Saturday, July 21, 2012

Red Sky weekly - FR12-016 details second non-public trojan



Red Sky Analysts released Fusion Report 16 this week. FR12-016 detailed a newly observed web-based Remote Access Tool (RAT) which was used in the same campaign as Trojan.Eclipse (named Eclipse by Red Sky analysts) from FR12-015. FR12-016 offered a custom C2 decoding script, Snort signatures, and a number of new indicators that may be used to detect and proactively mitigate the intrusion attempt.
BT BT

When preparing this week’s blog entry, I miscounted, thinking this was six months in operation. In fact it’s five, with our corporate one-year anniversary coming up at the end of August.  Regardless, five or six, the numbers are still pretty exciting.
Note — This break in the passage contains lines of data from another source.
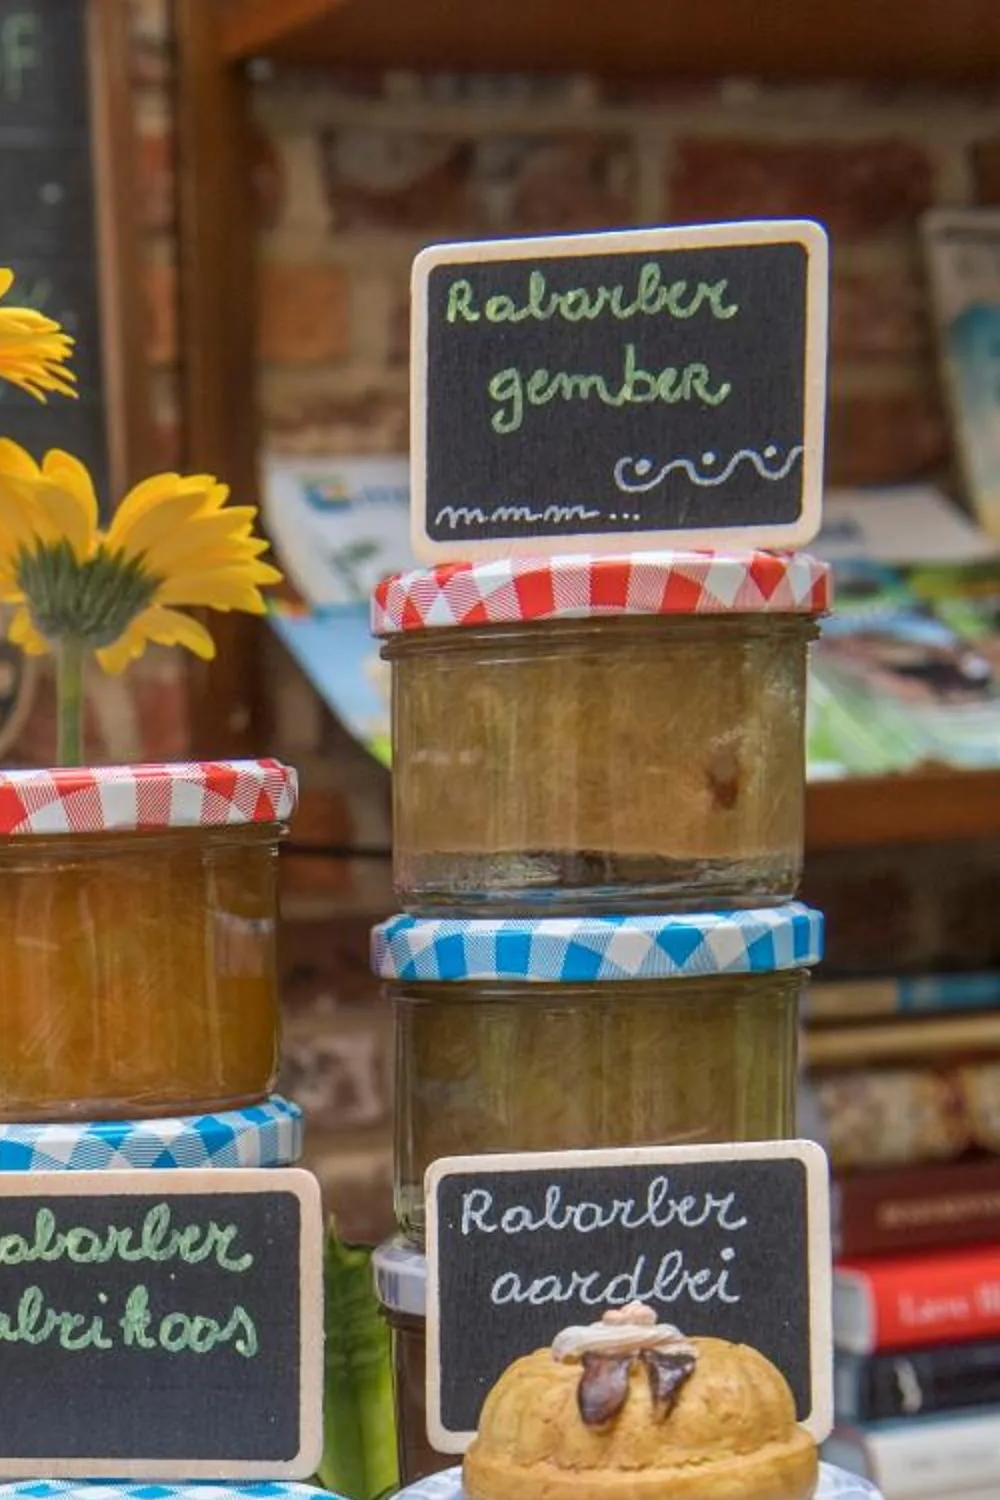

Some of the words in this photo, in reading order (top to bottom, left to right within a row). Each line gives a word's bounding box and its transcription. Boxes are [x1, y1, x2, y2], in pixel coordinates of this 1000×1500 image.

[446, 262, 739, 323] Rabarber
[461, 1175, 748, 1235] Rabarber
[490, 1247, 740, 1304] aardbei
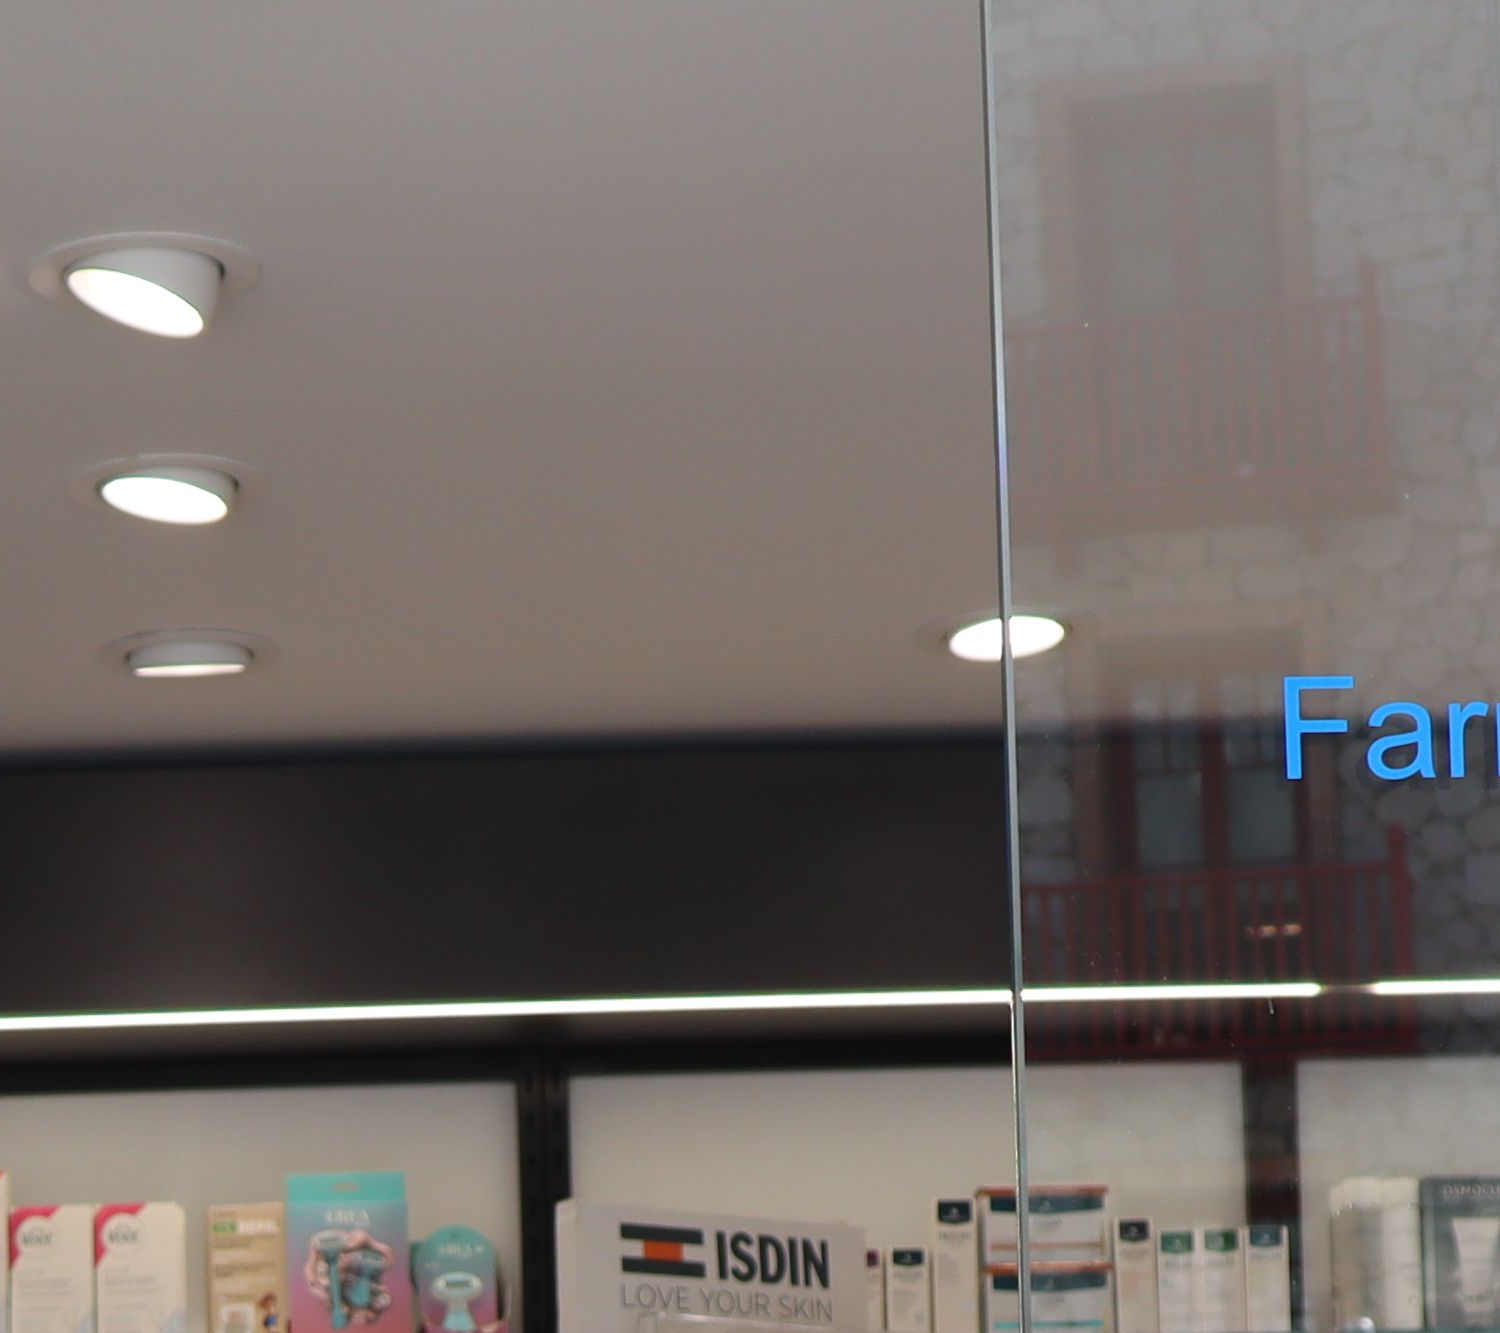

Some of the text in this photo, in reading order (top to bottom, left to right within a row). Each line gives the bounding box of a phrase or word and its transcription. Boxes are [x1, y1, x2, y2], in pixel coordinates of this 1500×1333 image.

[715, 1229, 831, 1290] ISDIN
[620, 1282, 833, 1323] LOVE YOUR SKIN
·      Our Advisory Board is currently looking at one more company for membership. The company is one of the five largest law firms in the country, boasting 1750 attorneys and 27 global offices. We currently have four companies being vetted by our Advisory board, and if all are offered membership, we’ll have 16 top companies in nine of the US’s critical infrastructures. Our ranks have grown 36.5% in the last two months!
·      We're actively tracking on at least eight groups. Two groups were both known in one sector, but not widely known in others. The cross sector participation of Red Sky has produced (as I read it) two cases where a group moves from one industry sector to another.
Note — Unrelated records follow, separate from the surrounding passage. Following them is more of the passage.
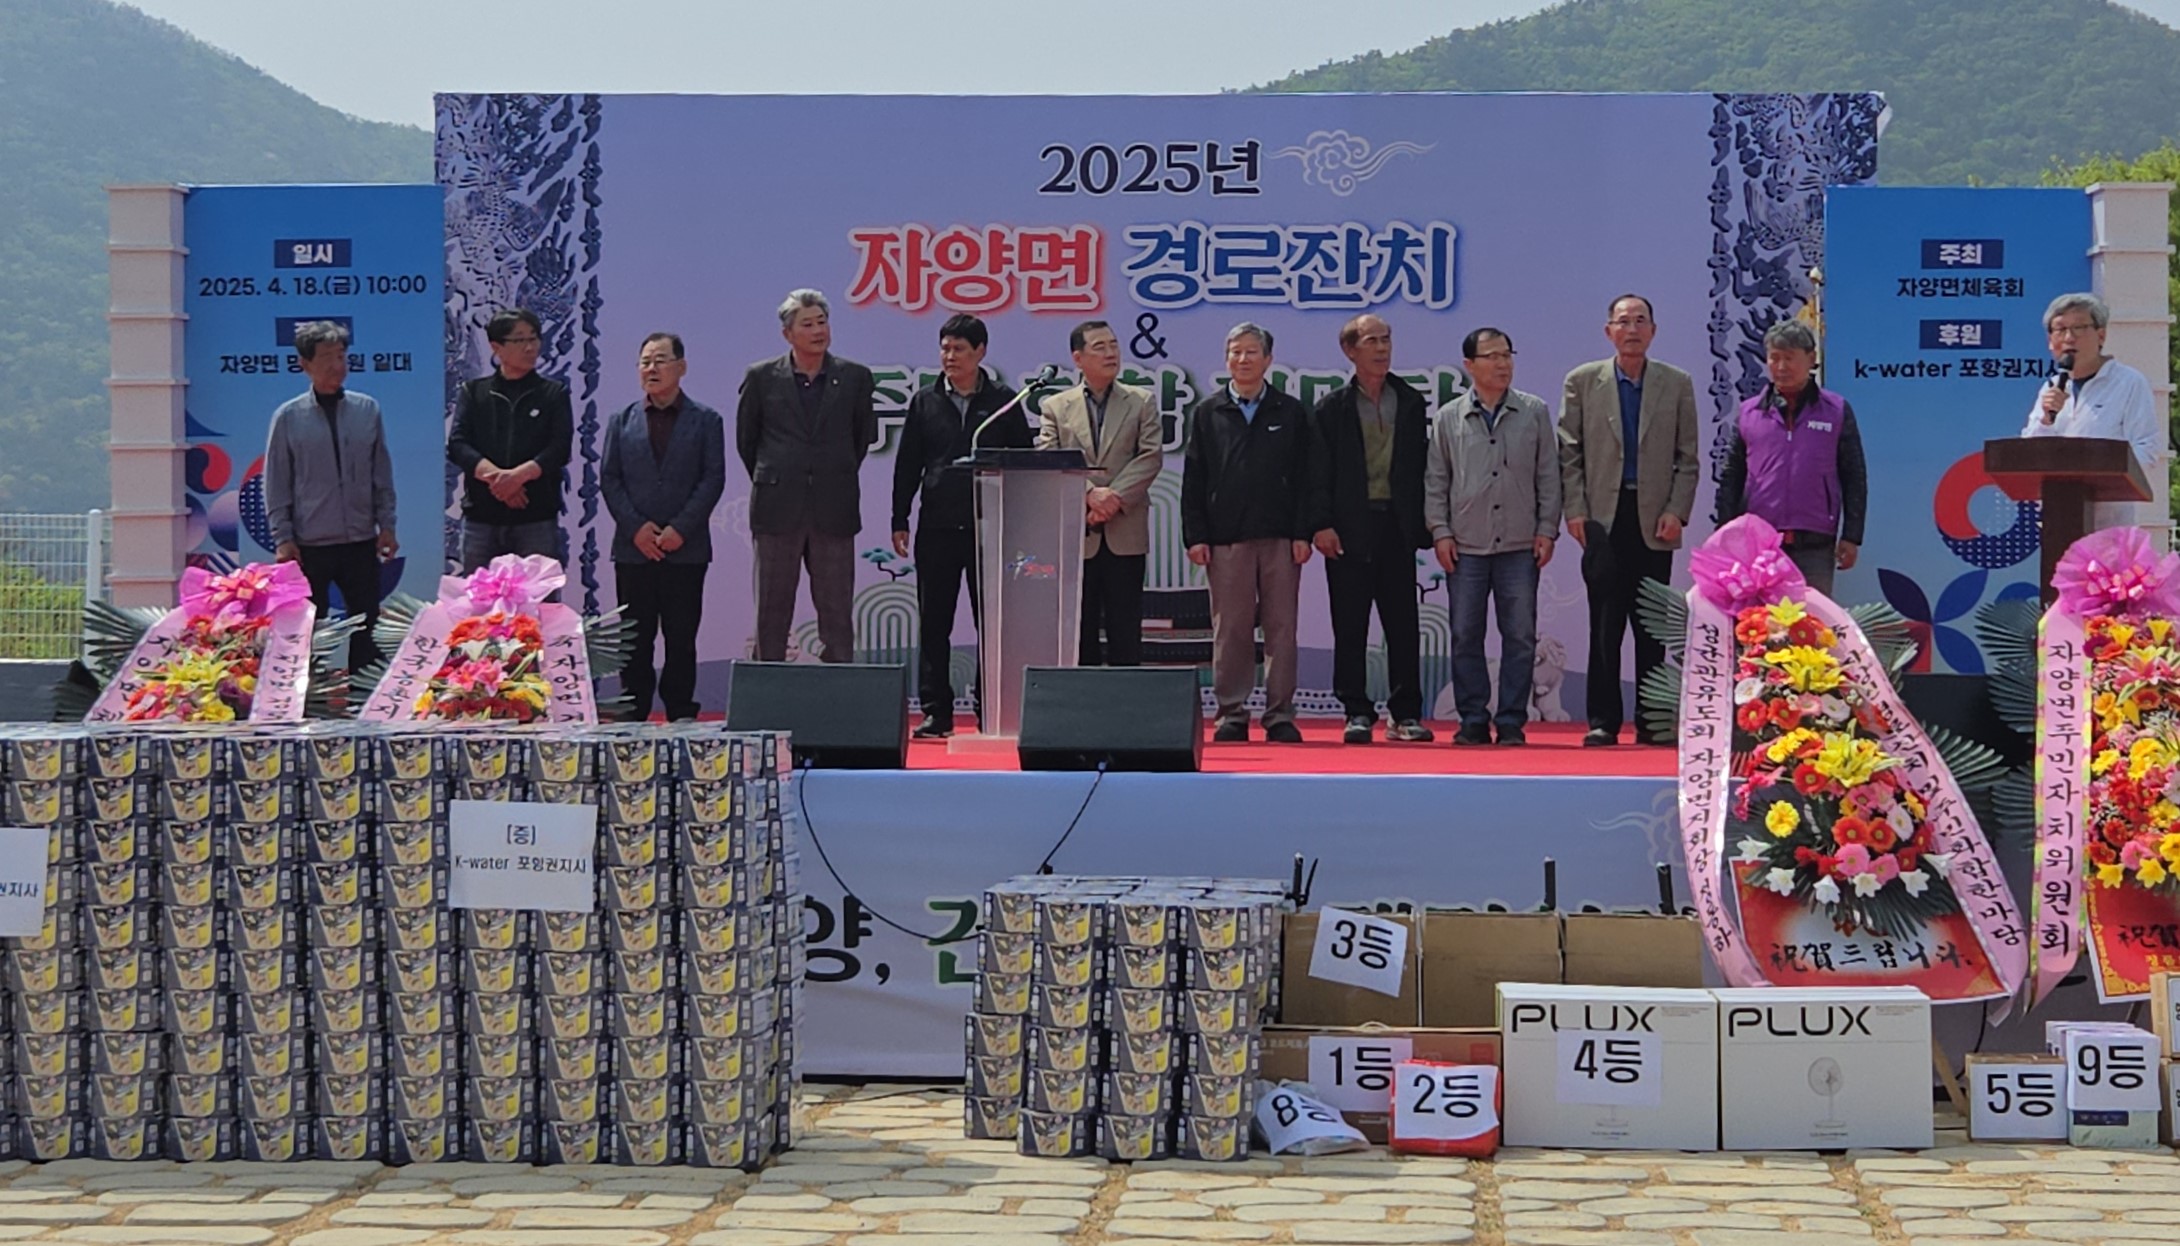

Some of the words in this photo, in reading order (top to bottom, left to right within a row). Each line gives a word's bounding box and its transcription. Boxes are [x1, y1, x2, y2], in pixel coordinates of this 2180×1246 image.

[1040, 140, 1261, 194] 2025년
[293, 243, 333, 264] 일시
[850, 227, 1100, 306] 자양면
[1125, 225, 1454, 306] 경로잔치
[1939, 243, 1982, 265] 주최
[199, 277, 261, 296] 2025.
[267, 277, 288, 296] 4.
[366, 275, 427, 294] 10:00
[1897, 277, 2024, 298] 자양면체육회
[1130, 312, 1168, 360] &
[1938, 323, 1982, 345] 후원
[219, 354, 279, 374] 자양면
[372, 352, 413, 372] 일대
[1855, 358, 1953, 378] k-water
[455, 855, 510, 870] K-water
[1330, 918, 1394, 970] 3등
[1512, 1004, 1656, 1033] PLUX
[1728, 1005, 1872, 1037] PLUX
[1329, 1046, 1394, 1091] 1등
[1573, 1038, 1643, 1084] 4등
[2077, 1044, 2146, 1090] 9등
[1413, 1073, 1482, 1119] 2등
[1987, 1072, 2056, 1117] 5등
·      In five months we’ve profiled a bad ISP, analyzed two 0-days, at least three newly discovered pieces of code, named two new TTPs and published over 2000 indicators in Kill Chain format. Over 500 threads are tracking with over 9000 comments and page views generated.
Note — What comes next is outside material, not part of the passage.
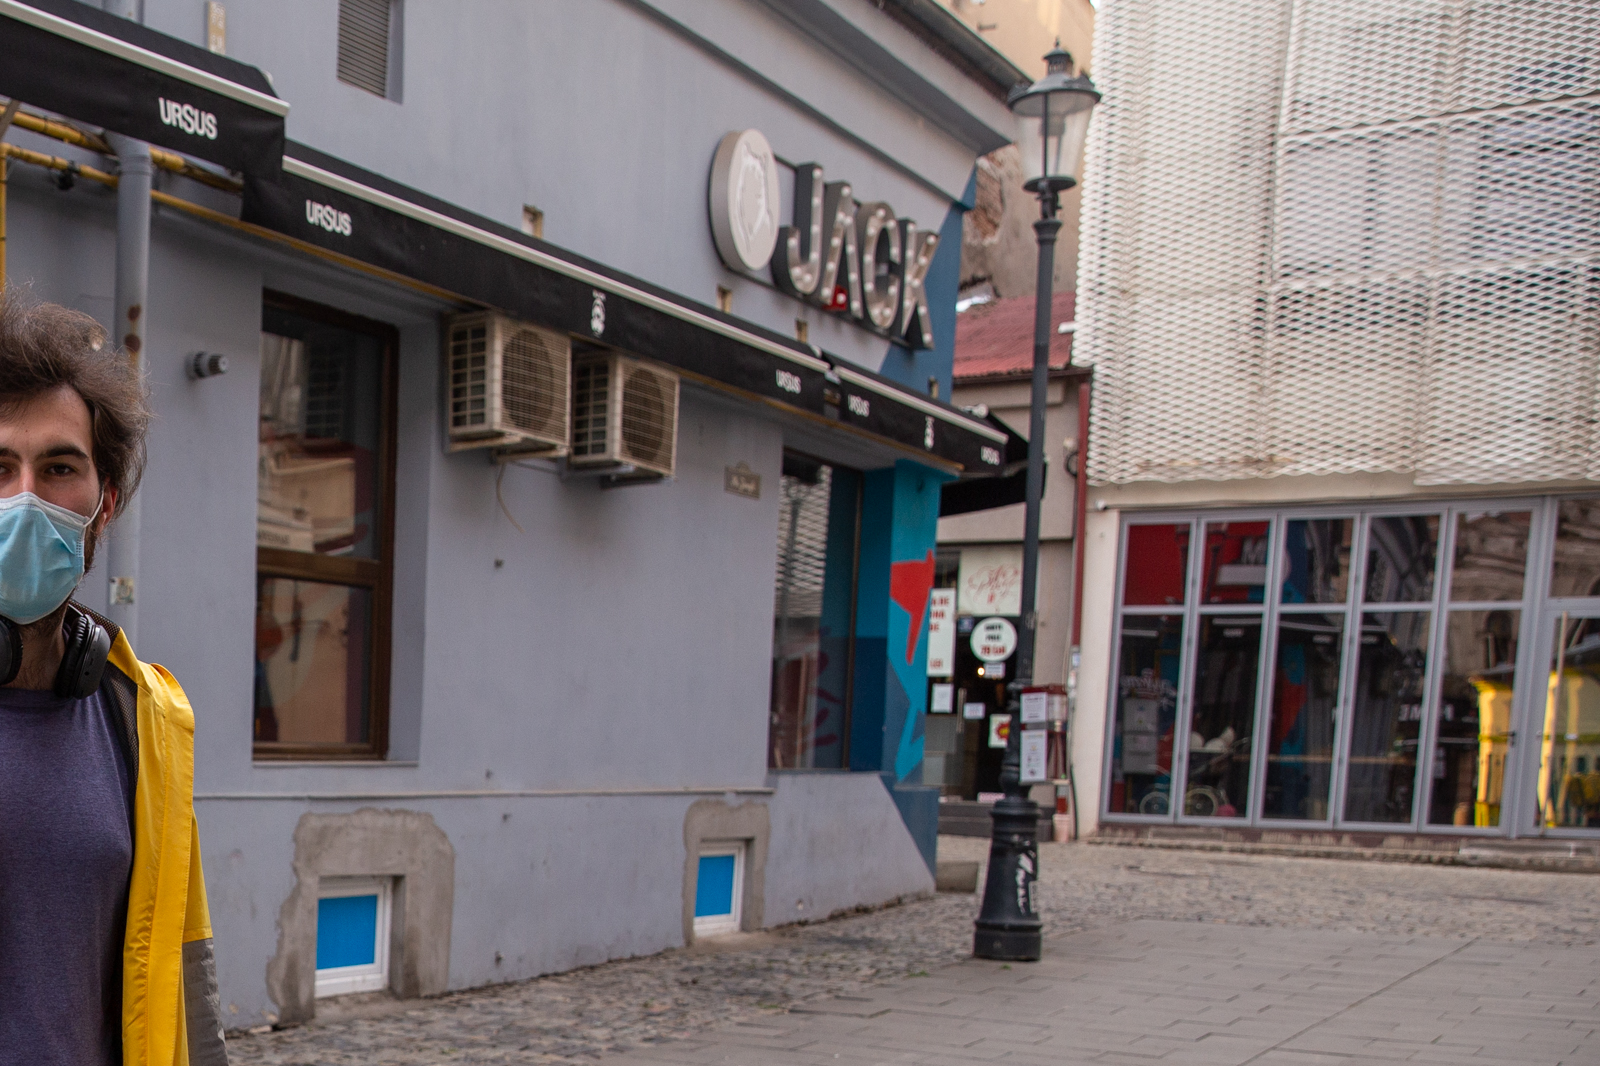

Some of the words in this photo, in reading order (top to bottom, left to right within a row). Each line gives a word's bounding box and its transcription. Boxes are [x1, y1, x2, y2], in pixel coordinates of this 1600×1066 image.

[158, 97, 218, 140] URSUS
[306, 199, 352, 236] URSUS
[771, 162, 941, 350] JACK
[776, 369, 801, 394] URSUS
Five months in, results like this are the tip of the iceberg. The conversational format of the social environment can be rough getting used to, but the richness of the information is FAR better than the format we used in report driven portals that I’ve participated in in my past. (Report driven portals are easy to parse but the data is generally light.) Cross sector and international participation has been huge! The ability to contact members in Japan directly, or analyze malware captured on members’ global networks is a luxury I’ve not been accustomed to. I like it.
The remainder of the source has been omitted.